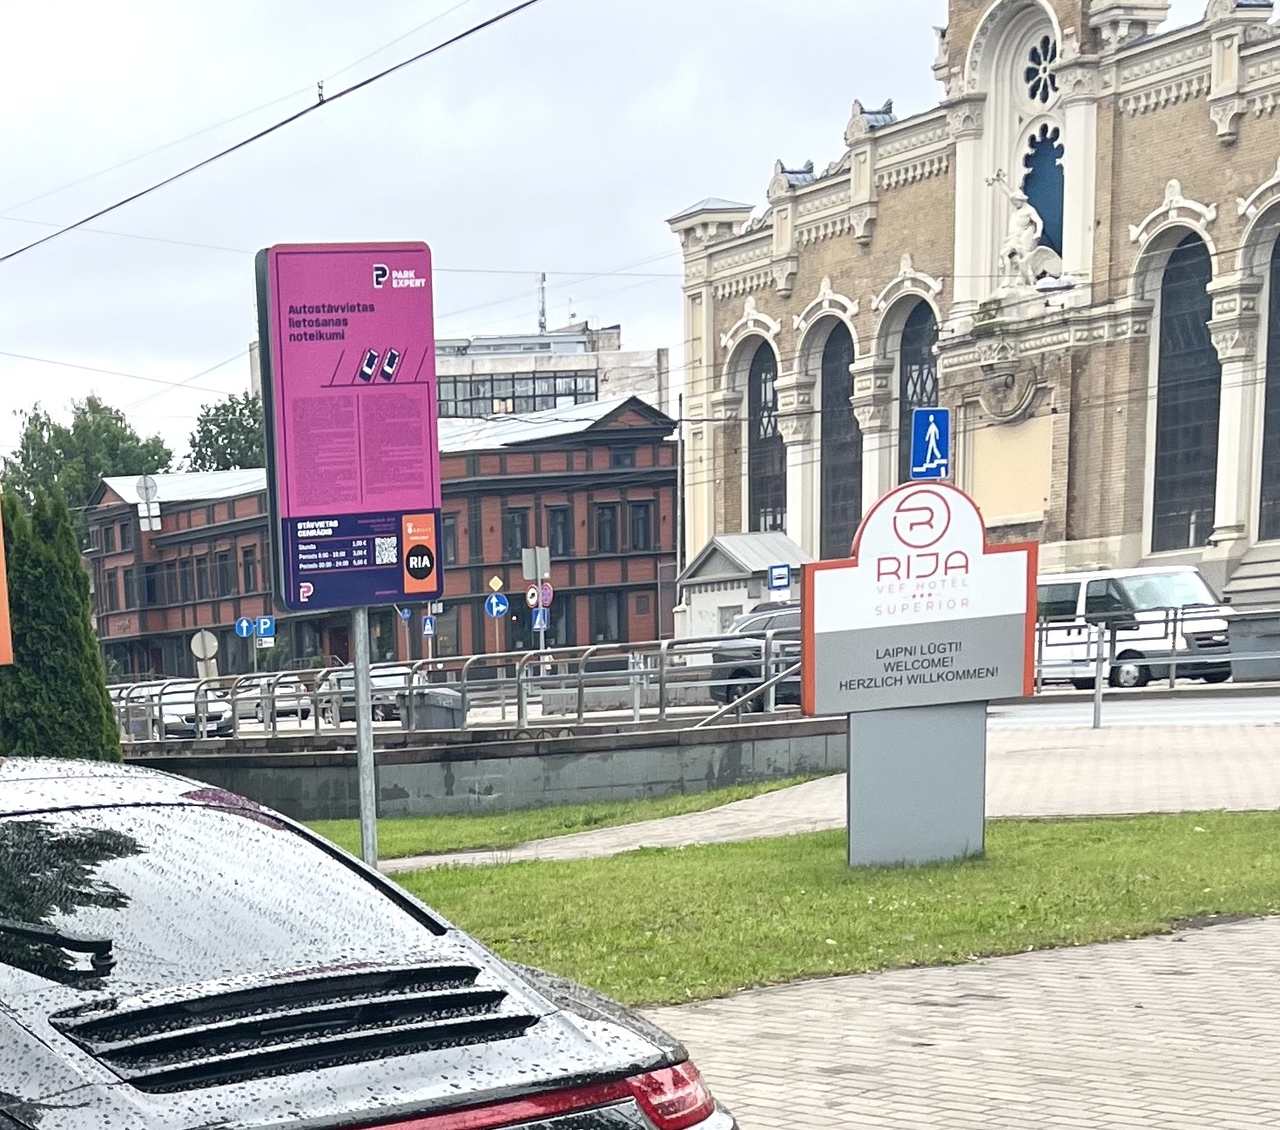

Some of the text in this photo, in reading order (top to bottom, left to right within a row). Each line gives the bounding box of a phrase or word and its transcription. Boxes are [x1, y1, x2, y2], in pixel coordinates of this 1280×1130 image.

[392, 270, 415, 279] PARK
[392, 279, 426, 288] EXPERT
[289, 330, 345, 342] noteikumi
[409, 556, 431, 569] RIA
[877, 550, 969, 582] RIJA
[877, 578, 968, 595] VEF HOTEL
[875, 598, 969, 616] SUPERIOR
[260, 618, 270, 634] P
[876, 646, 916, 660] LAIPNI
[883, 656, 954, 672] WELCOME!
[839, 667, 999, 691] HERZLICH WILLKOMMEN!
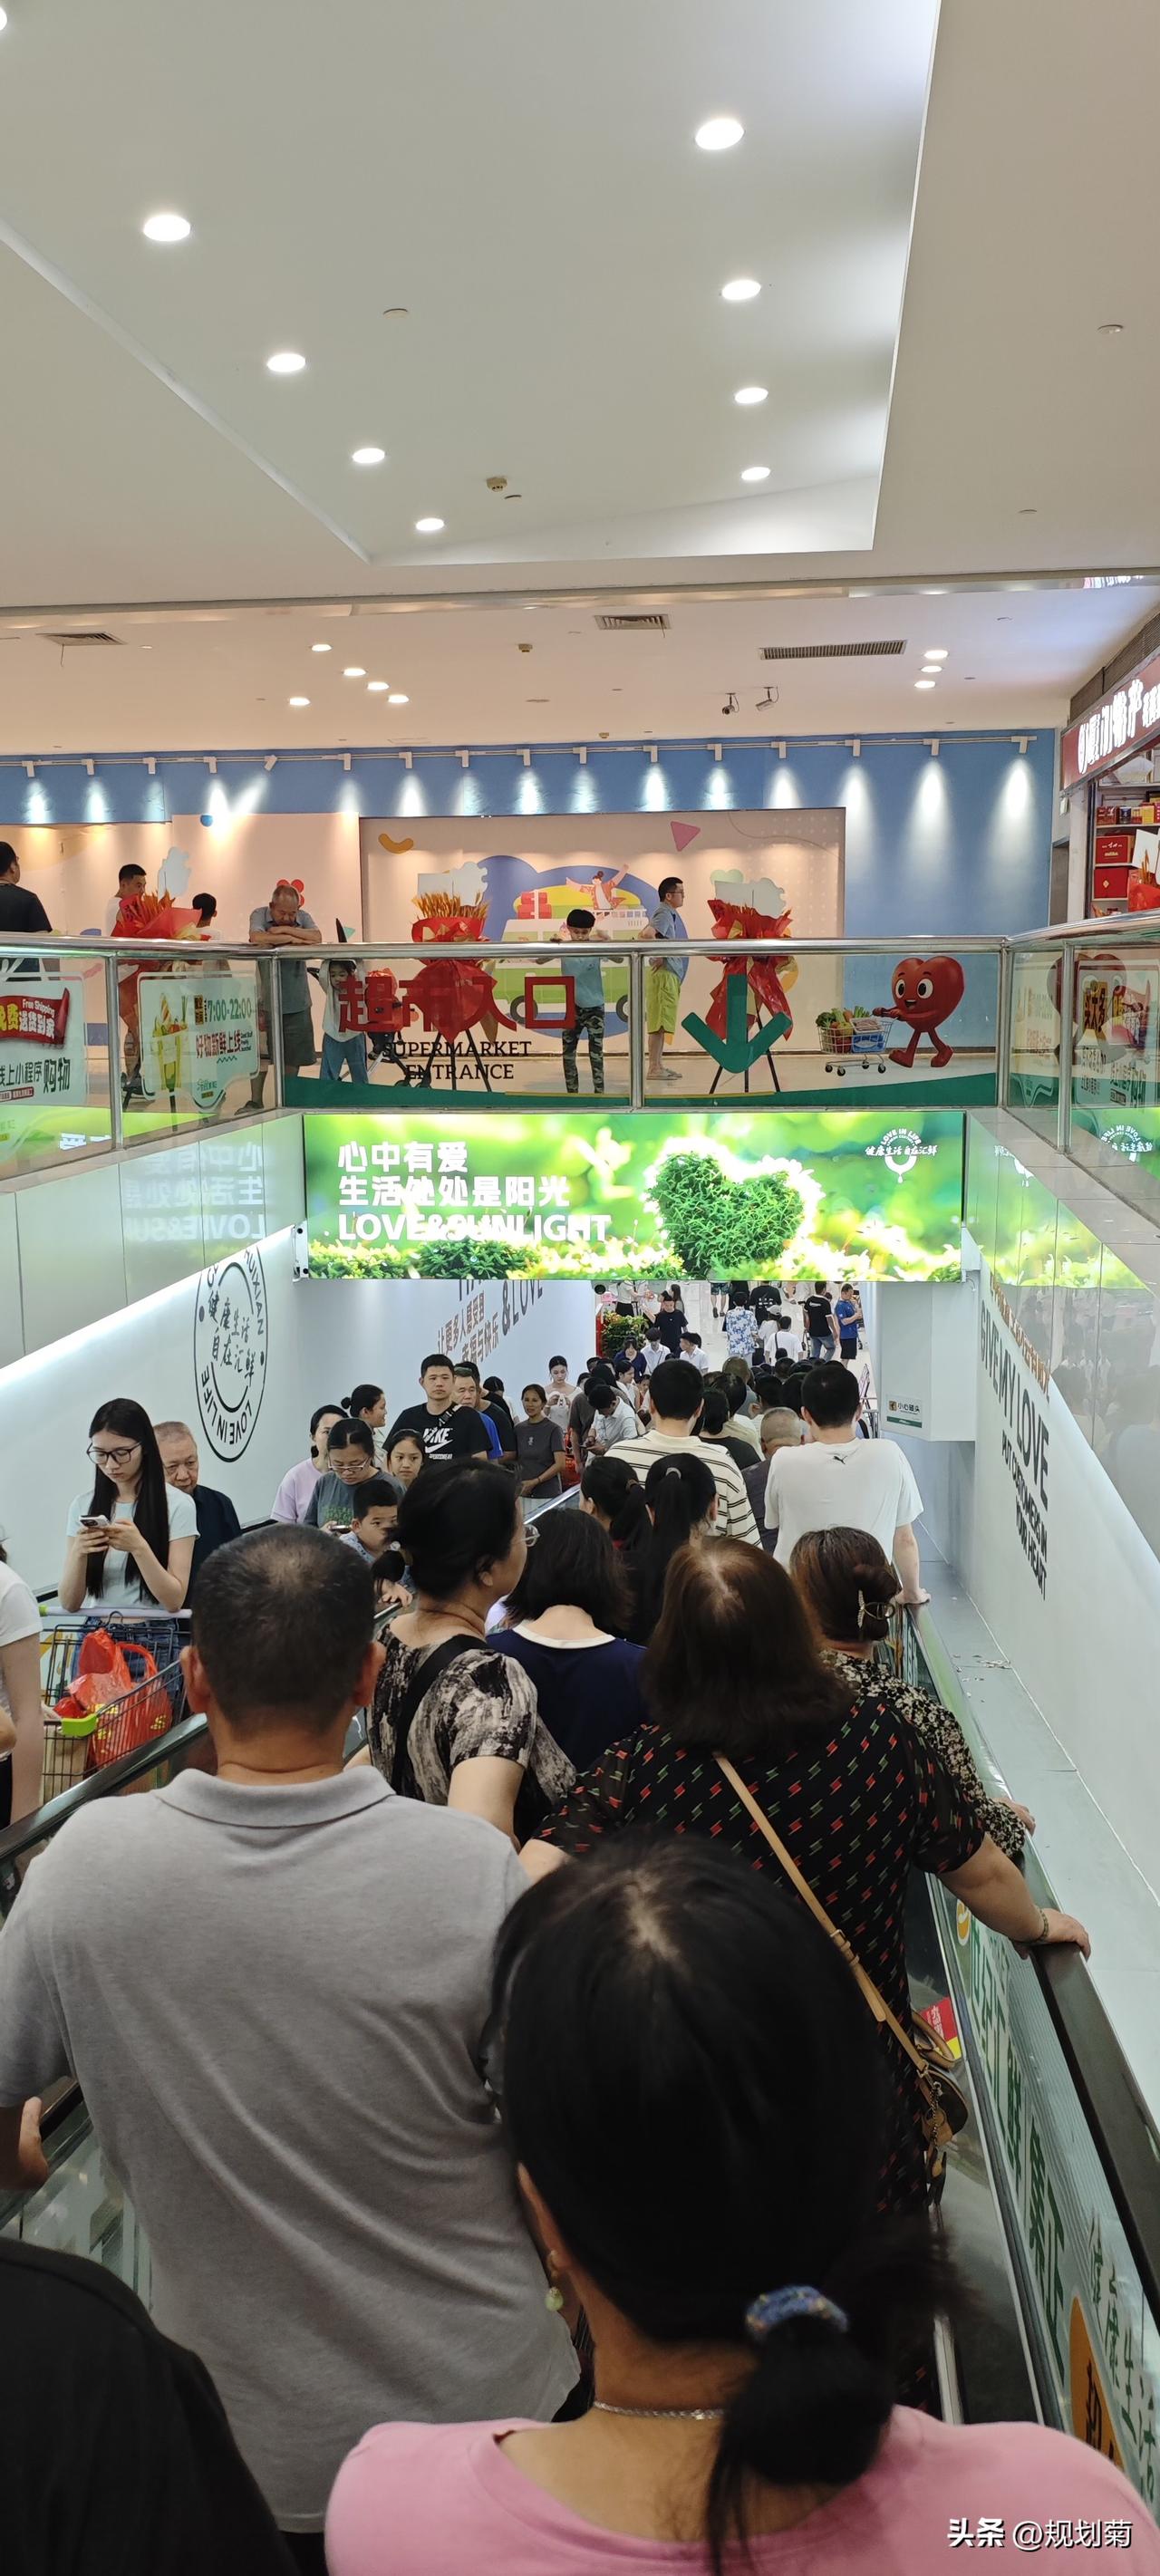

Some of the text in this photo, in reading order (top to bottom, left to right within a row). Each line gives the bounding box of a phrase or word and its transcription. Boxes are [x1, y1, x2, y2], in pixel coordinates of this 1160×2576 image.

[23, 999, 55, 1018] Free Shipping
[208, 998, 252, 1023] 7:00-22:00
[339, 975, 575, 1033] 超市入口
[386, 1041, 532, 1057] SUPERMARKET
[408, 1064, 515, 1080] ENTRANCE
[337, 1141, 469, 1173] 心中有爱
[880, 1129, 898, 1145] LOVE
[907, 1130, 922, 1145] LIFE
[339, 1175, 570, 1208] 生活处处是阳光
[338, 1213, 612, 1241] LOVE&SUNLIGHT
[208, 1289, 251, 1344] 健康生活
[212, 1327, 256, 1388] 自在汇鲜
[228, 1398, 253, 1445] LOVE
[981, 1299, 1050, 1512] GIVE MY LOVE
[1001, 1429, 1012, 1473] PUT
[1011, 1451, 1041, 1545] CUSTOMERS
[1015, 1496, 1048, 1601] YOUR HEART
[1089, 2205, 1157, 2504] 健康生活

***

What you have to do —
Each record above should be duplicated word for word, with no pictures included.

Result —
Some of the text in this photo, in reading order (top to bottom, left to right within a row). Each line gives the bounding box of a phrase or word and its transcription. Boxes are [x1, y1, x2, y2], in pixel coordinates of this 1280×1130 image.

[392, 270, 415, 279] PARK
[392, 279, 426, 288] EXPERT
[289, 330, 345, 342] noteikumi
[409, 556, 431, 569] RIA
[877, 550, 969, 582] RIJA
[877, 578, 968, 595] VEF HOTEL
[875, 598, 969, 616] SUPERIOR
[260, 618, 270, 634] P
[876, 646, 916, 660] LAIPNI
[883, 656, 954, 672] WELCOME!
[839, 667, 999, 691] HERZLICH WILLKOMMEN!

Some of the text in this photo, in reading order (top to bottom, left to right within a row). Each line gives the bounding box of a phrase or word and its transcription. Boxes are [x1, y1, x2, y2], in pixel coordinates of this 1160×2576 image.

[23, 999, 55, 1018] Free Shipping
[208, 998, 252, 1023] 7:00-22:00
[339, 975, 575, 1033] 超市入口
[386, 1041, 532, 1057] SUPERMARKET
[408, 1064, 515, 1080] ENTRANCE
[337, 1141, 469, 1173] 心中有爱
[880, 1129, 898, 1145] LOVE
[907, 1130, 922, 1145] LIFE
[339, 1175, 570, 1208] 生活处处是阳光
[338, 1213, 612, 1241] LOVE&SUNLIGHT
[208, 1289, 251, 1344] 健康生活
[212, 1327, 256, 1388] 自在汇鲜
[228, 1398, 253, 1445] LOVE
[981, 1299, 1050, 1512] GIVE MY LOVE
[1001, 1429, 1012, 1473] PUT
[1011, 1451, 1041, 1545] CUSTOMERS
[1015, 1496, 1048, 1601] YOUR HEART
[1089, 2205, 1157, 2504] 健康生活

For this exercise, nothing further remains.